Por Leandro Oliveira

Já que Talyta termina seu mestrado distinguindo o talento do esforço, e Julio comenta en passant sobre as agruras sádicas das bancas de doutorado, vou também falar de educação. Um sistema mais hardcore, para não decepcionar aqueles que me conhecem e sabem que não sou dado a gentilezas.

Por isso, entro de sola no Medievo. E, pois não, o sistema educacional da Idade Média revela surpresas extraordinárias - não para o leitor habitual do Ocidentalismo é claro, mas certamente para boa parte do público brasileiro. No país tropical, tão bonito por natureza, o grande público ainda está acostumado - e percebo isso nas aulas que dou pelo interior de São Paulo - a entender o pensamento do Medioevo como o da "era das trevas"...

O que, aliás, é irônico, estando o Brasil com a educação iluminada que estamos.

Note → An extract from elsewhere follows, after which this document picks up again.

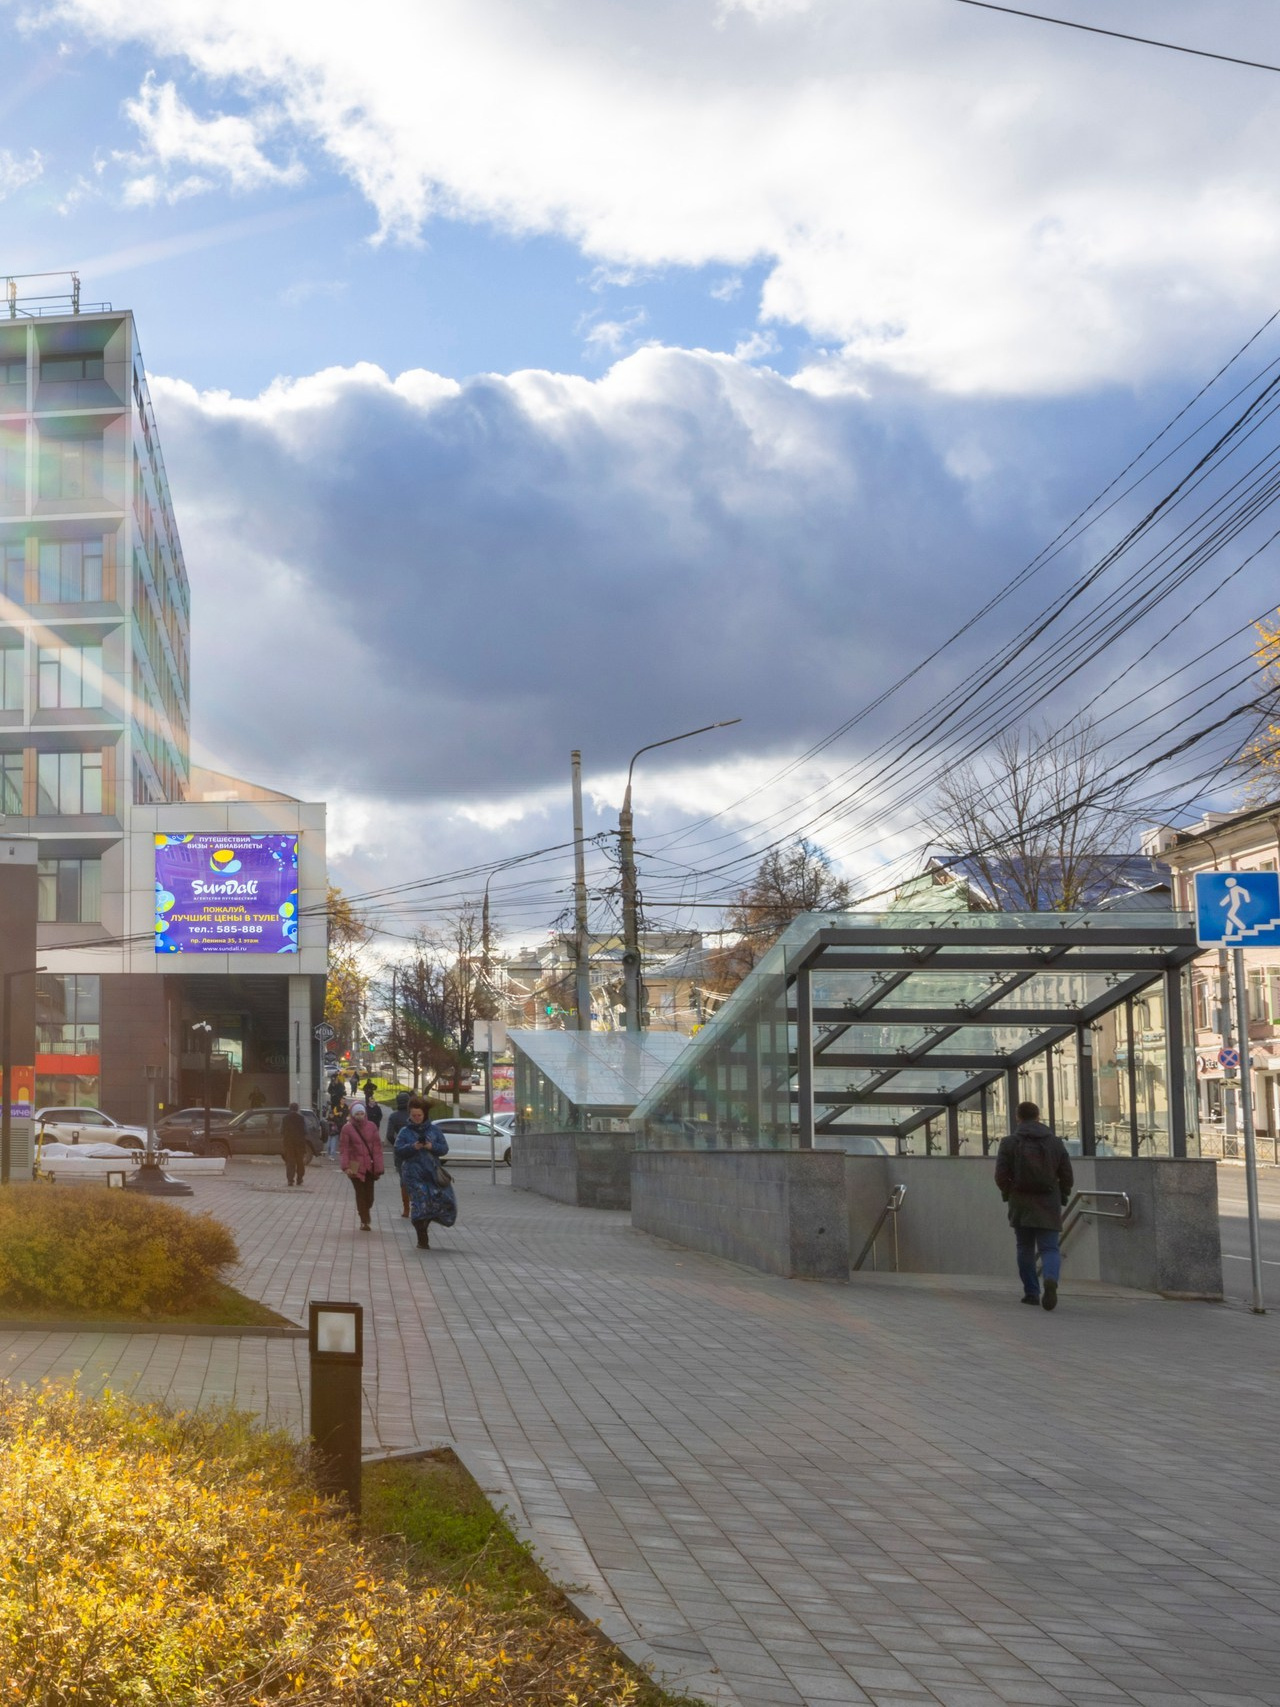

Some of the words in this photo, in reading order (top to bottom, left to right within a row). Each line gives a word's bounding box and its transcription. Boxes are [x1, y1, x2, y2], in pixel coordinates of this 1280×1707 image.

"Tudo isso foi documentadamente desmentido, mas pouco importa: os lugares-comuns emocionais são tanto mais indestrutíveis quanto melhor servirem aos interesses dos ativistas políticos", nos ensinava o saudoso Wilson Martins. Então é assim. Hoje as escolas de elite estão mais preocupadas com o ensino de história de uma África idílica e inexistente conquanto reverbere maledicências ignorantes sobre a Europa. Curioso que não deveria sê-lo, mesmo estando nós orgulhosamente mestiços e ecléticos, pois já na primeira metade do século XX, scholars como Mortimer Adler, Robert Maynard Hutchins e Chäim Perelman, cada um a sua maneira, entenderam e advogaram sobre a relevância e atualidade das práticas de ensino medievais não por chauvinismo, eurocentrismo ou qualquer dessas patacoadas. Não por conservadorismo - embora boa parte deles fossem conservadores - mas por sua relevância inquestionável.

Mas onde está a relevância, bicho?

Como assim "onde está"? Dorothy Sayers em seu famoso artigo The lost tools of learning de 1947 (!) já mostrava que a primeira parte das chamadas Artes Liberales condensava muito mais que matérias curriculares como entendemos hoje, mas disciplinas que "ensinavam a aprender". Sofisticado? Sim, e sem "construtivismos" idiotizantes.

Mas como "ensinar a aprender" sem construtivismos idiotizantes? Englobando a Gramática, a Lógica e a Retórica a primeira parte do ensino tinha a preocupação com a própria organização das idéias e por isso era também entendido como "as artes da mente" - seu objetivo era mostrar ao estudante os mecanismos para descobrir, organizar, verificar e expressar corretamente o pensamento - o próprio e aquele dos outros. Totalizavam um verdadeiro "método científico", que deveria ser posto a serviço dos estudos avançados do quadrivium - as artes das coisas, mas aí é uma outra história.

***

Feita a introdução vamos às referências nerd. Marshall McLuhan realizou na década de quarenta sua tese de doutorado sobre o tema. Sua visão - profundamente influenciada pelas aulas do grande medievalista Étienne Gilson - é rigorosa e inventiva, virtuosisticamente culta e para alguns se tornou à época a tese de maior erudição da Universidade de Cambridge.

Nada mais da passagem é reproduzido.